Em referência à condução da política ambiental de seu antecessor, Lula afirmou que a preservação do meio ambiente é uma questão que vai além das disputas eleitorais. “Para nós, a questão do clima não é um discurso eleitoral, é uma questão de sobrevivência da espécie humana no planeta Terra”, declarou.
O presidente também criticou aqueles que, segundo ele, não dão importância à pauta ambiental e afirmou que políticas construídas ao longo de anos podem ser rapidamente desfeitas. “Para destruir, não precisa ter nenhuma reunião. É só um salafrário qualquer, que não gosta da questão ambiental, assumir o governo para destruir tudo o que está sendo feito”, afirmou. Lula também mencionou discursos do período do governo Bolsonaro ao defender que os eleitores não tenham “memória curta”.

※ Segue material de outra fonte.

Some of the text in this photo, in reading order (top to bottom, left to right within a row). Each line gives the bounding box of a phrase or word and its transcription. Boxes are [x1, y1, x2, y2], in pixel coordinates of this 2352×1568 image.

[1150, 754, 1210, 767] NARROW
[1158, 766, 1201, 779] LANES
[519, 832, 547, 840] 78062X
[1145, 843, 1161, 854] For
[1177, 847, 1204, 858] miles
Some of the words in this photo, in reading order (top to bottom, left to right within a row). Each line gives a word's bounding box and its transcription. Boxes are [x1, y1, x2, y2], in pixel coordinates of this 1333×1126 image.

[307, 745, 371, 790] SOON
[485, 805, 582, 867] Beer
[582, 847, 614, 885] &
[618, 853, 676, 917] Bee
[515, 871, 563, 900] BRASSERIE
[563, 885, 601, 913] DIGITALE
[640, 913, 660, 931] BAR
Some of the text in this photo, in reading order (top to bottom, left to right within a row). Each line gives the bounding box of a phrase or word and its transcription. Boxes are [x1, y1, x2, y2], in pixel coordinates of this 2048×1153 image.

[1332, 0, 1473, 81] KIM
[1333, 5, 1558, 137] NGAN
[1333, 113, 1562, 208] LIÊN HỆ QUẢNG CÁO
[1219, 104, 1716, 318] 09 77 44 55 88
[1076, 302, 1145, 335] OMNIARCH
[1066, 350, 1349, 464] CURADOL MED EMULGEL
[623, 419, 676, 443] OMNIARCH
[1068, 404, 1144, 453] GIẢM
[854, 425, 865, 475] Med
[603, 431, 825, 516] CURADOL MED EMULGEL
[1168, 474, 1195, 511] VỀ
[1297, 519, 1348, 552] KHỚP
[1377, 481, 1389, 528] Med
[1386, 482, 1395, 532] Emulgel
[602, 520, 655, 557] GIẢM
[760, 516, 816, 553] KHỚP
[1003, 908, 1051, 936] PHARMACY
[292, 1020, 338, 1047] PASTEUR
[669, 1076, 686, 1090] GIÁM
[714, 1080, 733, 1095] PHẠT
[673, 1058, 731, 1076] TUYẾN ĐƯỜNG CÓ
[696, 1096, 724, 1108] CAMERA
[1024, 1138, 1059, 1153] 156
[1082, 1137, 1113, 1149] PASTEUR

A declaração ocorreu durante uma cerimônia realizada em alusão ao Dia da Amazônia. Na ocasião, Lula assinou decretos que criam quatro reservas ambientais no Amazonas e ampliam um parque nacional localizado no Piauí. O evento ocorreu no mesmo dia em que a decisão de Mendonça sobre o comando da PF provocou repercussão política e institucional em Brasília.